30 that the European Union is entitled to impose over $4 billion in trade
sanctions as retaliation against the Foreign Sales Corporation -- a U.S.
government entity designed to stimulate the sale of U.S.-made goods and
services in overseas markets.
U.S. Trade Representative Robert B. Zoellick immediately struck
colors on the ship of state and announced unconditional capitulation,
saying, "The executive branch will work with Congress to fully comply with
our WTO obligations."
If this determination remains unchallenged, Congress will have
ceded its constitutional responsibility for establishing tax rates for
American corporations to the WTO, a secretive international body of 550
unelected functionaries in Geneva, Switzerland.
This week, a day after he pays eloquent homage to the 3,052
people killed on Sept. 11, 2001, President Bush is scheduled to address the
U.N. General Assembly.
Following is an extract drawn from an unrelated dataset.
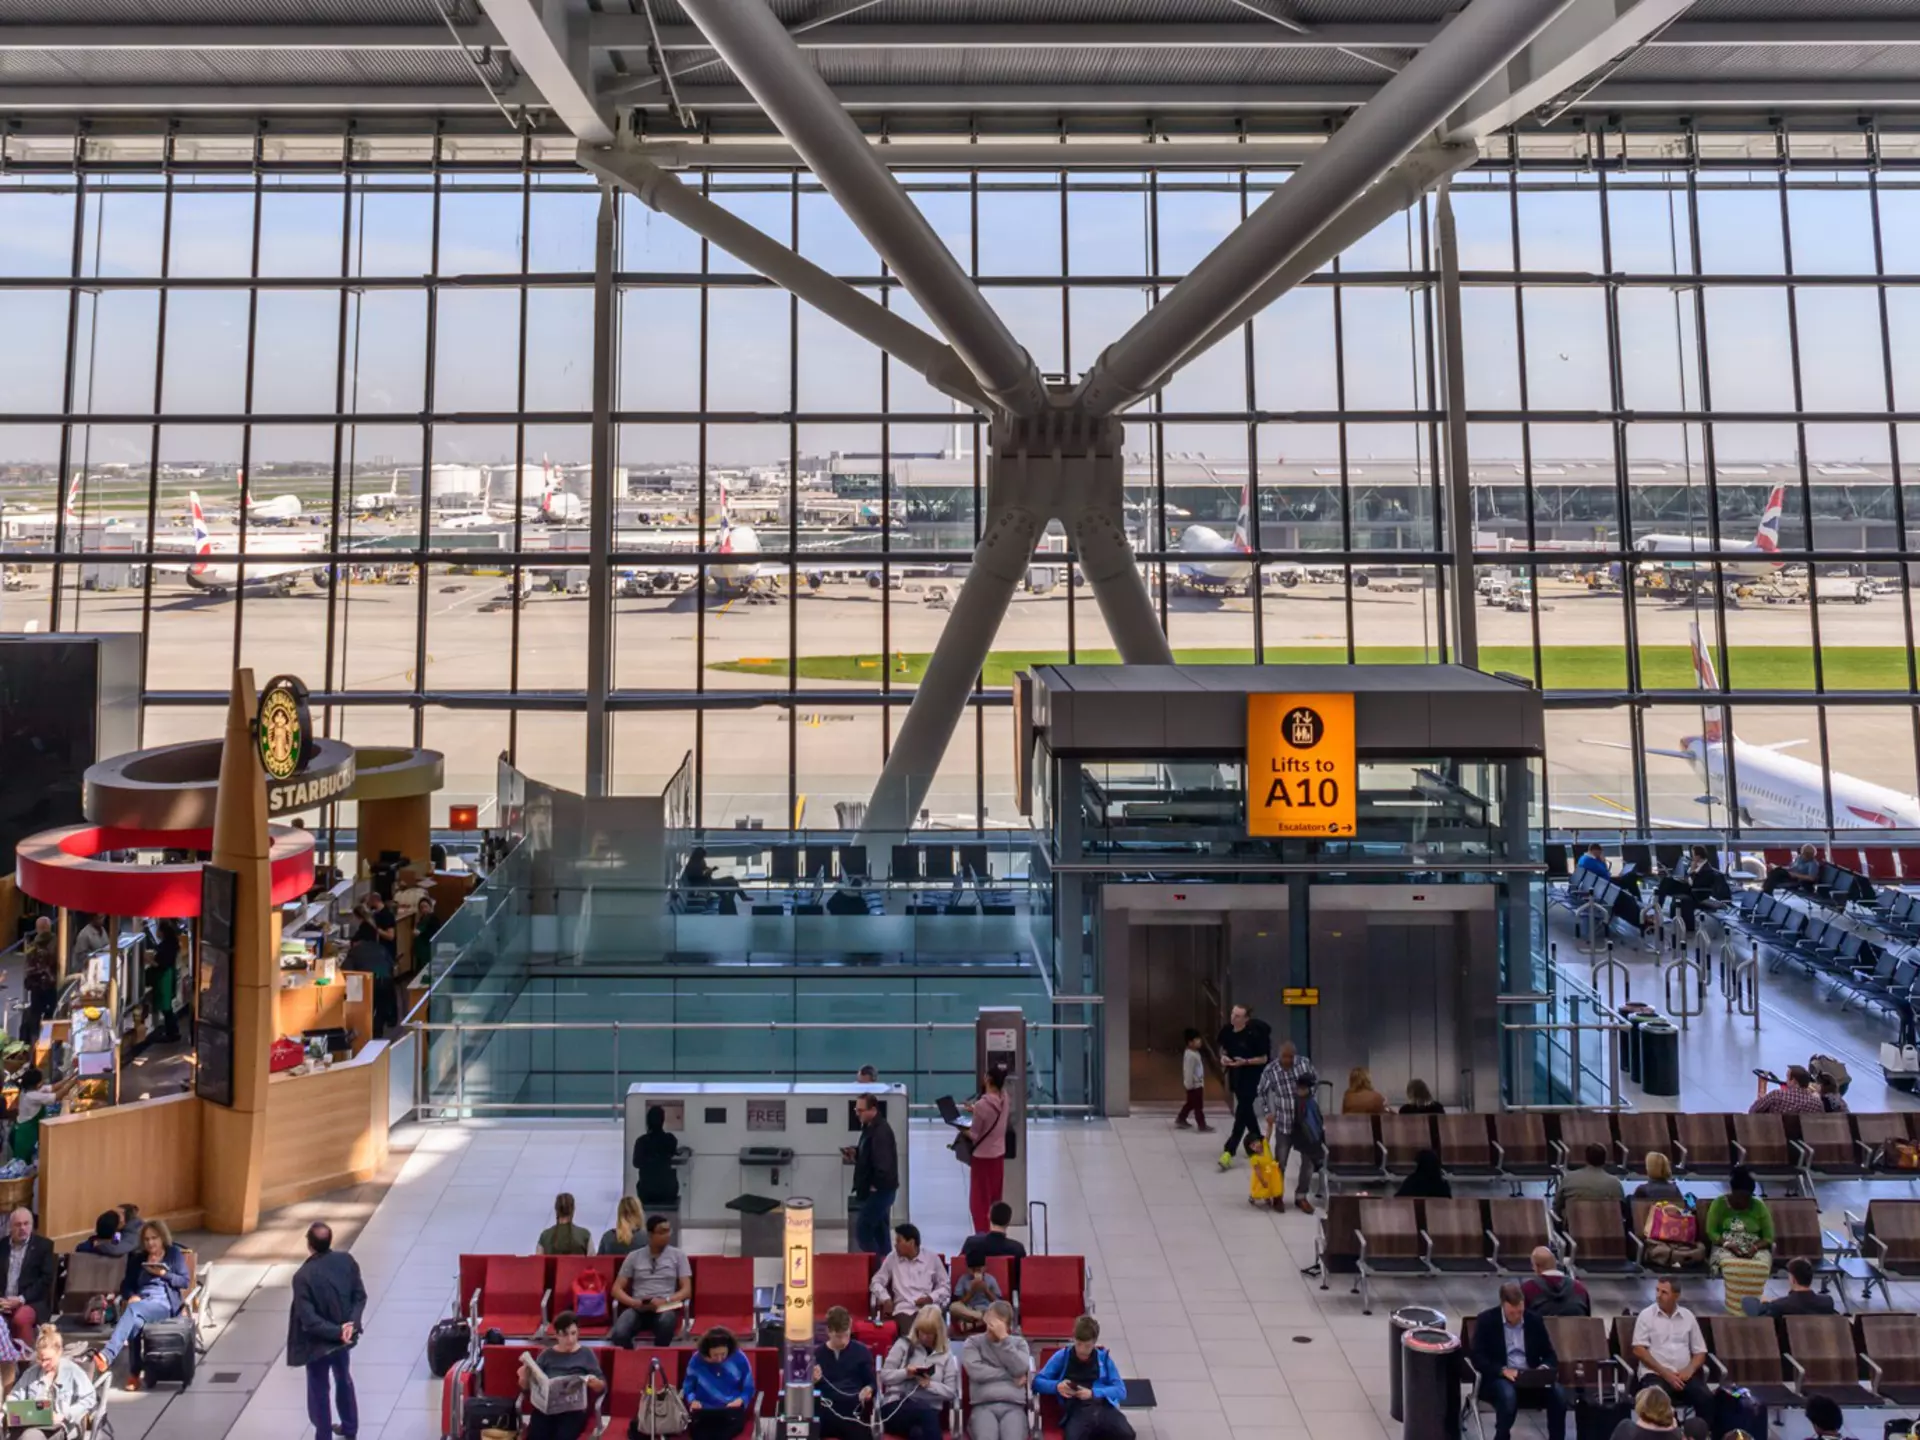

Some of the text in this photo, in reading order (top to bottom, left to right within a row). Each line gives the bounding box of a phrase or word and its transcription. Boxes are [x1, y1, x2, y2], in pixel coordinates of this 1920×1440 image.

It's an invitation to add injury to the Johannesburg
insults.
This is the same crowd that, last week, castigated America's
farmers -- the world's most productive -- for growing genetically altered
foods while passionately applauding Robert Mugabe as he boasted of
confiscating white-owned farms.
Kofi Annan and his merry minions don't deserve our president's
presence. They don't want us to defend ourselves or combat terrorism. They
don't see Saddam as a threat, and they don't respect the enterprise,
industry and sacrifices of the American people. Venturing forth to the
United Nations is worse than a waste of time. It's a self-inflicted wound.